RECORDS FOR THE EXERCISE:
* * *
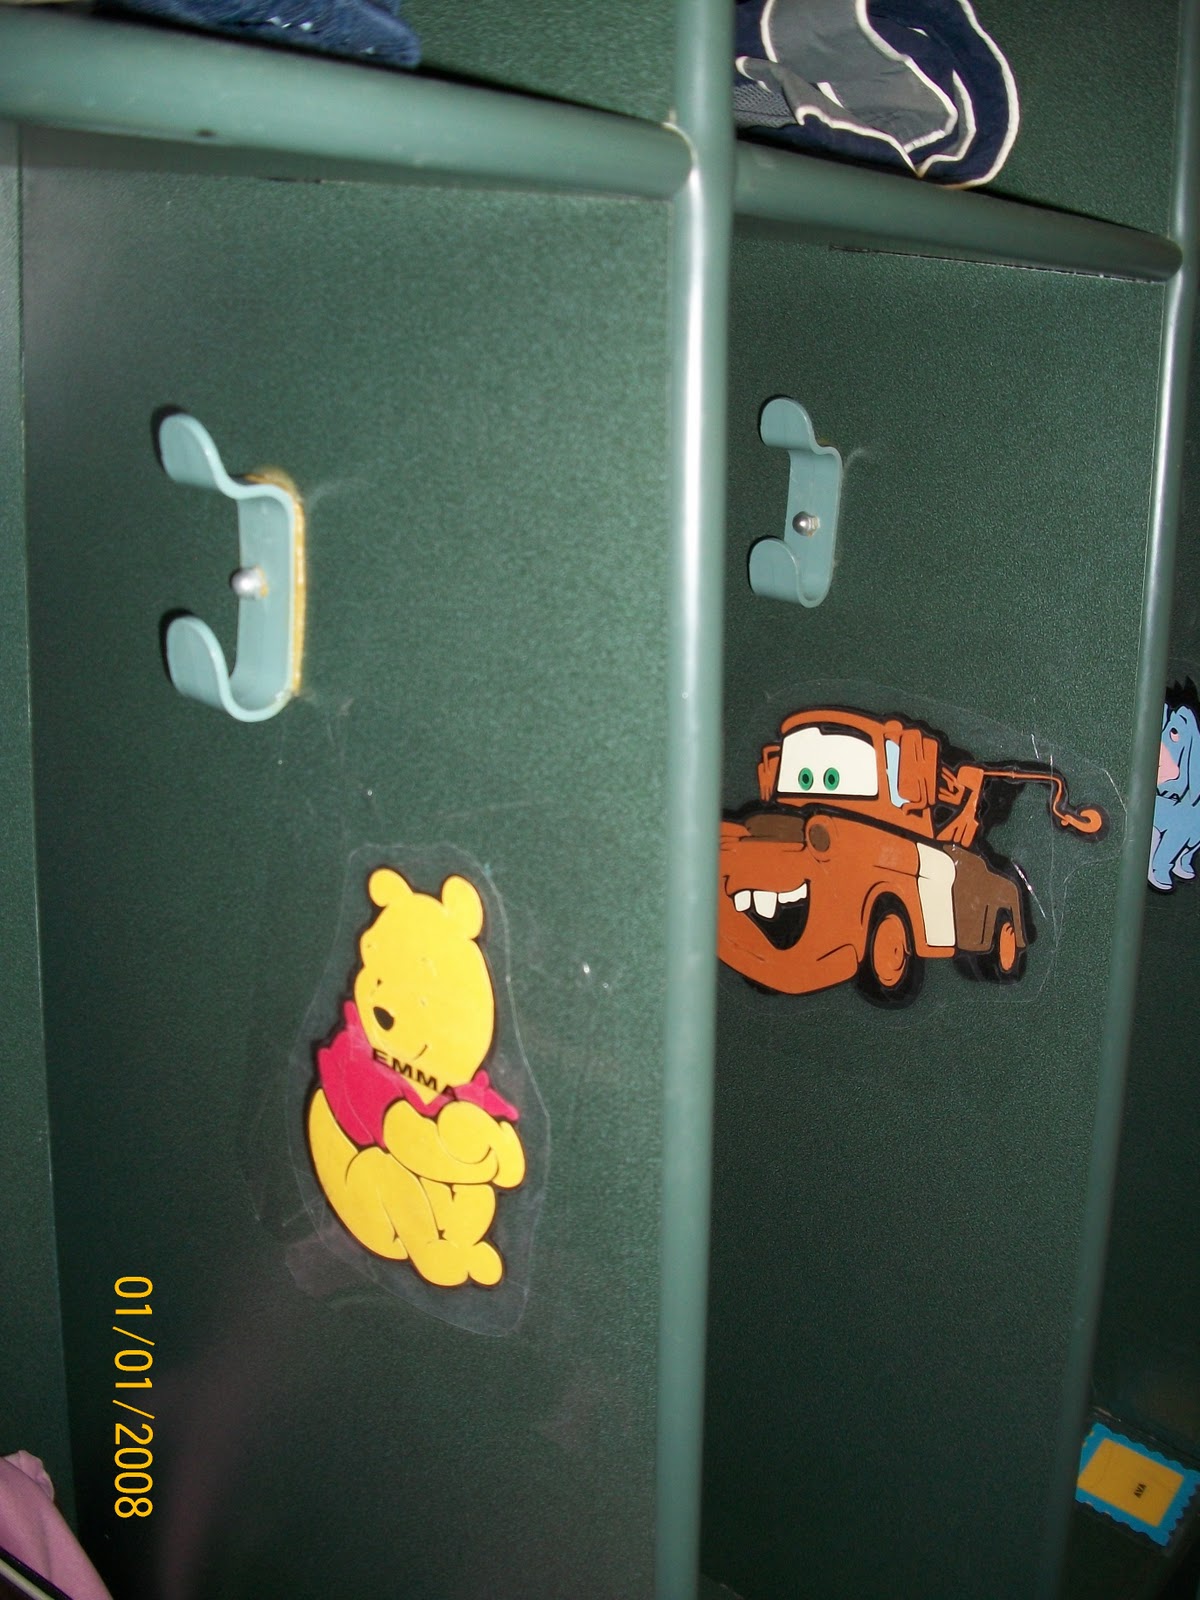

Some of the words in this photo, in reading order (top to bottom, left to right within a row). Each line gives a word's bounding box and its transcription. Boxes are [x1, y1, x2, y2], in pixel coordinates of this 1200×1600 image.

[1156, 787, 1181, 802] VA
[373, 1047, 459, 1102] EMMA
[1133, 1483, 1147, 1498] AVA
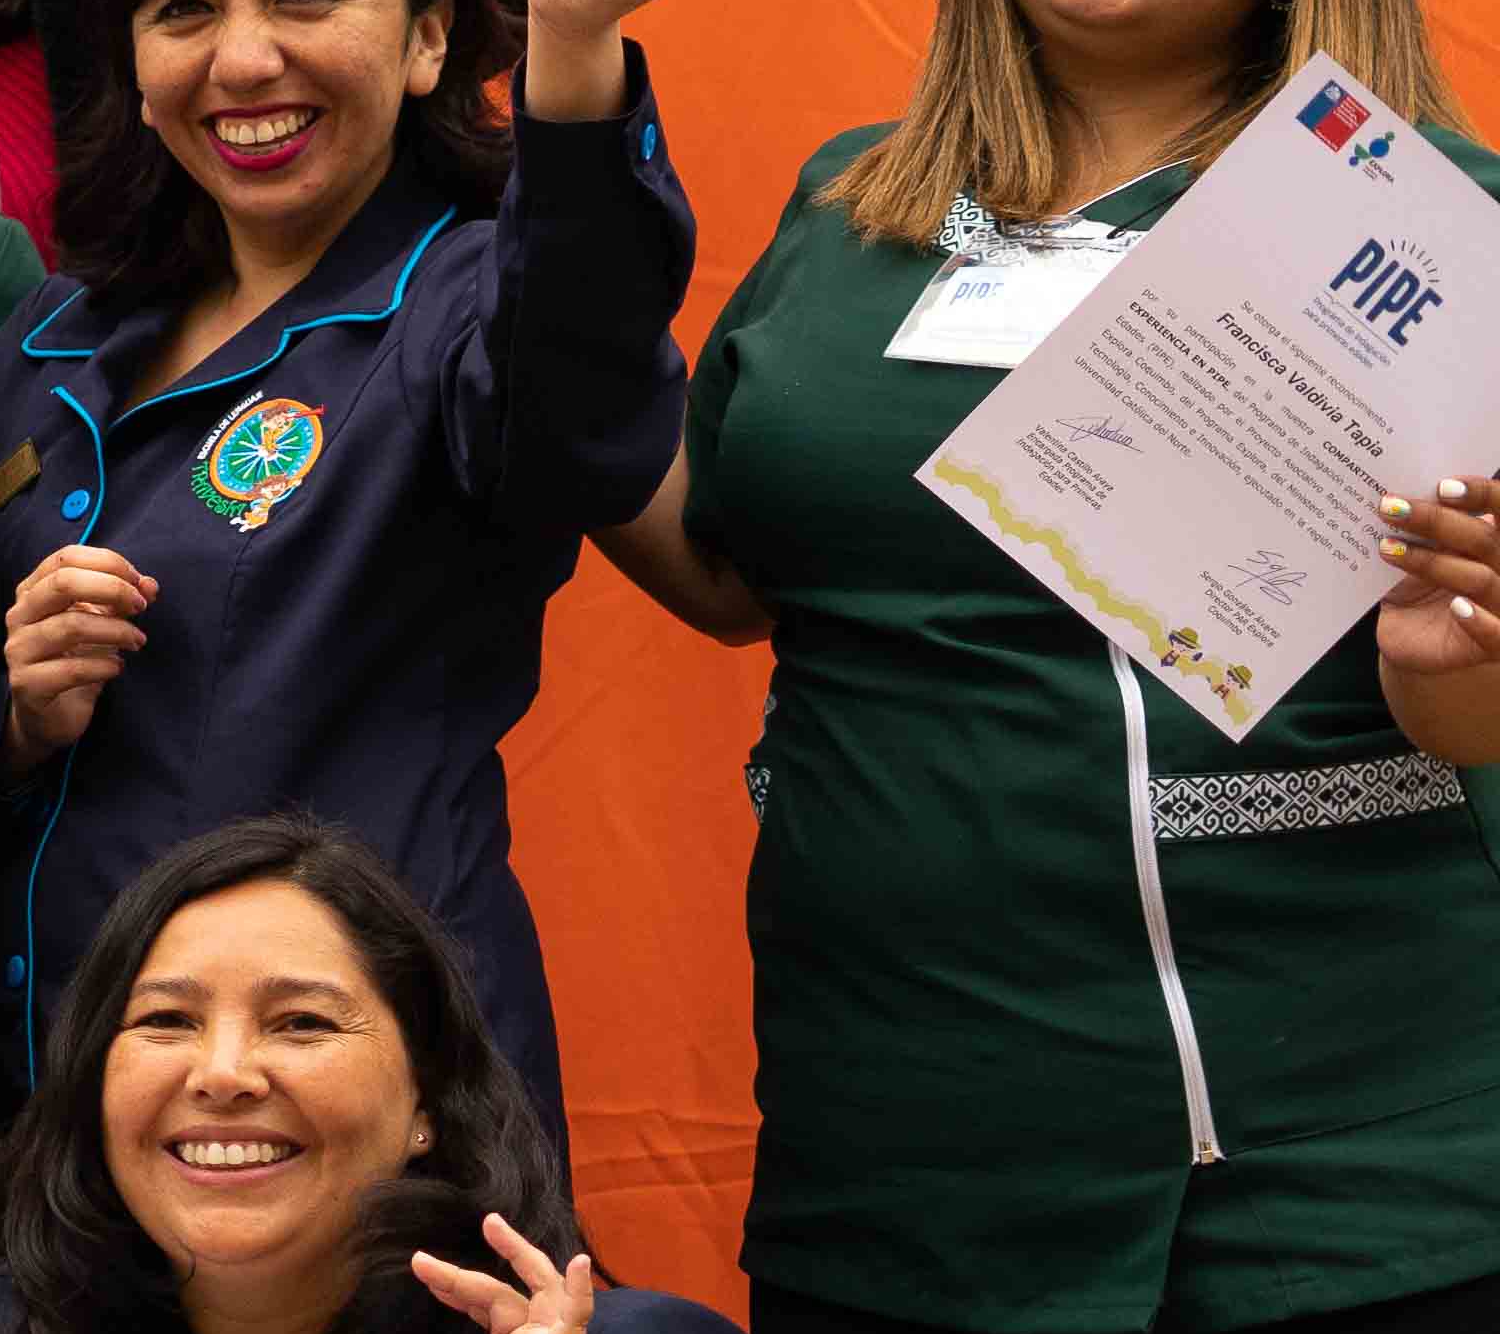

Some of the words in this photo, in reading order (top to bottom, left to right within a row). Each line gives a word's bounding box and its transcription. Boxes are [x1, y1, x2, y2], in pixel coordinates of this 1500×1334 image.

[1129, 301, 1191, 356] EXPERIENCIA
[1190, 354, 1207, 369] EN
[1205, 366, 1230, 391] PIPE,
[1329, 238, 1443, 347] PIPE
[1215, 312, 1287, 375] Francisca
[1287, 370, 1343, 423] Valdivia
[1343, 418, 1383, 458] Tapia
* * *
ACTION ITEM: From the first line to the last, write out the data above exactly. Omit the pictures.

WRITTEN SOLUTION:
Some of the words in this photo, in reading order (top to bottom, left to right within a row). Each line gives a word's bounding box and its transcription. Boxes are [x1, y1, x2, y2], in pixel coordinates of this 1200×1600 image.

[1156, 787, 1181, 802] VA
[373, 1047, 459, 1102] EMMA
[1133, 1483, 1147, 1498] AVA

Some of the words in this photo, in reading order (top to bottom, left to right within a row). Each line gives a word's bounding box and its transcription. Boxes are [x1, y1, x2, y2], in pixel coordinates of this 1500×1334 image.

[1129, 301, 1191, 356] EXPERIENCIA
[1190, 354, 1207, 369] EN
[1205, 366, 1230, 391] PIPE,
[1329, 238, 1443, 347] PIPE
[1215, 312, 1287, 375] Francisca
[1287, 370, 1343, 423] Valdivia
[1343, 418, 1383, 458] Tapia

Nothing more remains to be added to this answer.